Mark Schubin: Nights at the Opera

Dream Jobs 2008

4 min read

On stage, the dashing tenor Roberto Alagna pours out his love for the dark-eyed soprano Anna Netrebko, and she responds in kind. As the star-crossed lovers in the Metropolitan Opera's Roméo et Juliette , the pair sing with a fiery passion that would melt a stone.

But a few hundred meters away, sitting in a truck parked outside the Met's loading dock, television engineer Mark Schubin isn't moved. He's intently monitoring a huge bank of monitors and audio/video equipment, checking that the voices and instruments are all within range, that the audio and video feeds are open, and that everything technological about the otherwise gloriously overwrought performance is calm, quiet, and normal.

Most performances at the Met are done for the benefit of the few thousand ticket holders who fill the gilded auditorium. But today's show is being seen live by nearly a hundred thousand people all over the world. Video cameras and microphones in the opera house are capturing the singers' every move and note, and satellites are beaming those signals, in high definition and 5.1-channel digital surround sound, to more than 600 motion-picture theaters in 11 countries on four continents.

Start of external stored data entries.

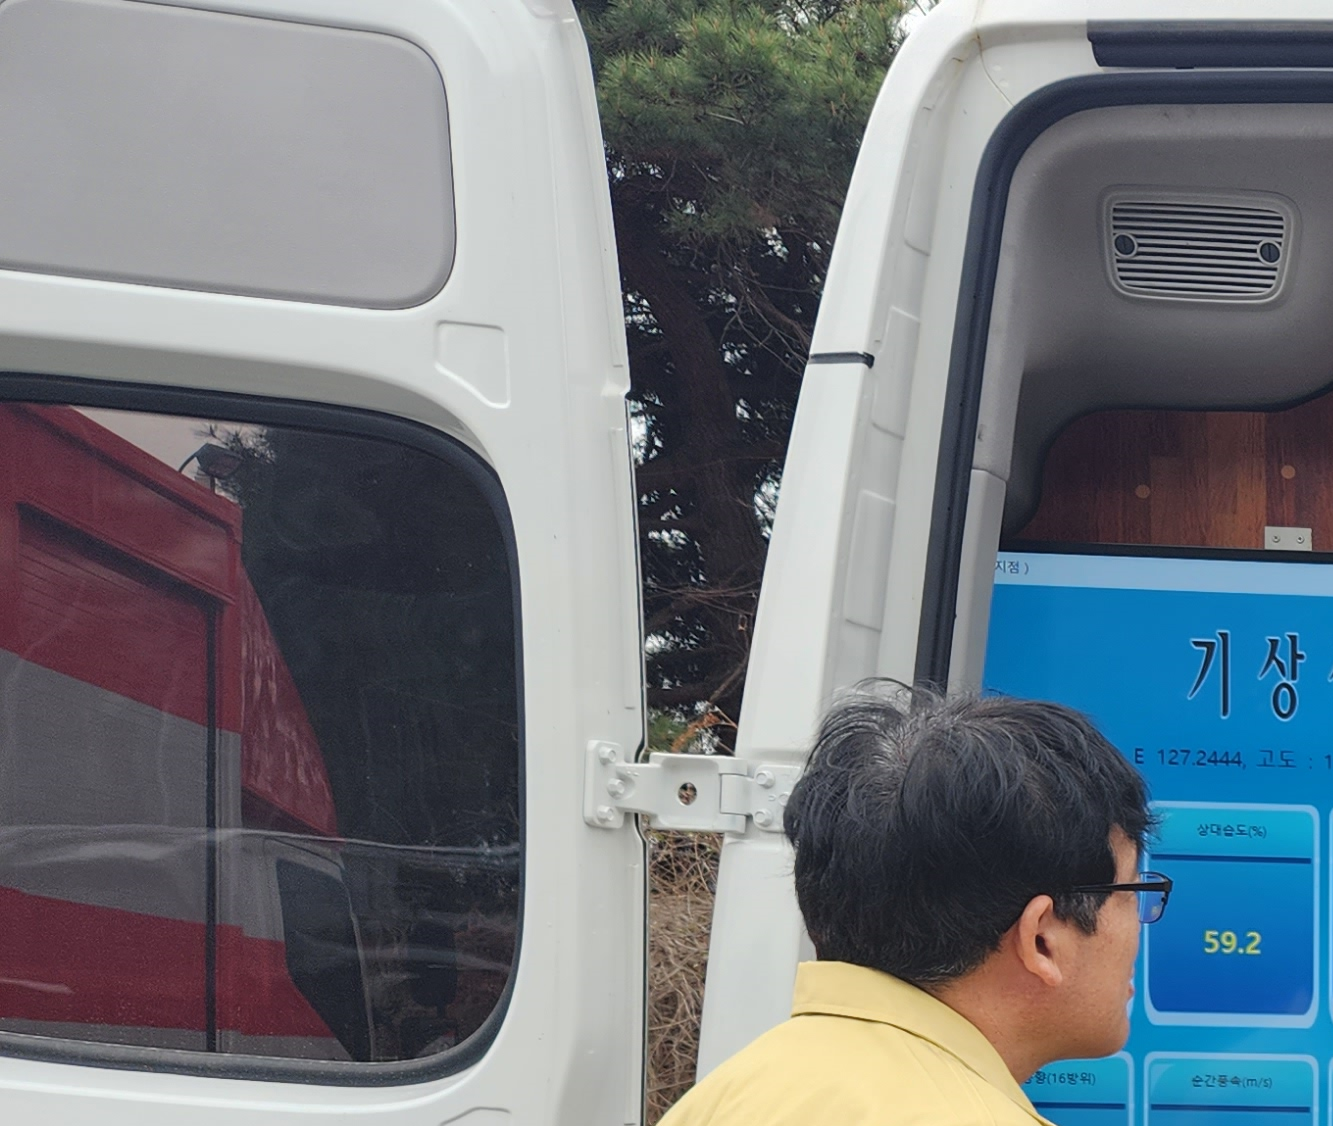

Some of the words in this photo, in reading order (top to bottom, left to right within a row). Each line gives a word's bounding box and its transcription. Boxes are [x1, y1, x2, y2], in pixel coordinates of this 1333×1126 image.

[1134, 748, 1145, 764] E
[1157, 749, 1247, 769] 127.2444,
[1256, 750, 1297, 769] 고도
[1196, 823, 1267, 838] 상대습도(%)
[1203, 930, 1262, 956] 59.2
[1191, 1074, 1273, 1089] 순간풍속(m/s)

Pulling together the Met's second season of high-definition cinemacasts is as much a technical triumph as an artistic one, and for the last year and a half, the project has been consuming Schubin's life. He jokes that his job is ”to make sure nothing goes wrong,” but it's a lot more complicated, and interesting, than that.

After more than 34 years of engineering TV and radio broadcasts at the Met, Schubin is the opera's tech guru on a whole host of issues. Much like televising a professional football game or an Olympics event, engineering the Met's broadcasts raises countless technical issues, and Schubin weighs in on all of them—how to upload audio and video feeds to seven telecommunications satellites and ensure they arrive in good shape at the other end; what to do if cloud cover disrupts a satellite's signal or if power anywhere along the transmission path is lost; how to shoot in light levels that often dip below 10 lux; how to frame shots that are as pleasing on a 20-meter-wide cinema screen as on a tiny TV set. The list goes on.

A big concern this past summer was how to handle the translated subtitles that go out with the cinemacasts. During the initial season, they did it by ”brute force,” Schubin says, sending separate audio and video channels for the German- and English-subtitled feeds. This season, they're embedding bitmapped subtitles for five different languages within the transport stream itself, so that the subtitles travel along with the audio and video signals.

Schubin has defined some of the technical standards that now govern such broadcasts, and he's overseen the transition through several generations of TV equipment, from 1970s-era manually operated tube cameras running over multi­core cable to today's remote-­controlled, high-definition charge-­coupled-device cameras with 101x zoom lenses fed through fiber optics. When he's not engineering a shoot at the Met or elsewhere in Lincoln Center, the performing arts complex on Manhattan's West Side in New York City, he's on the road consulting at other theaters. Or he might be providing expert testimony on a broadcast-related lawsuit or writing his monthly technology column for Videography magazine. At this point, Schubin knows more about the inter­section of opera and broadcast technology than anybody else in the world.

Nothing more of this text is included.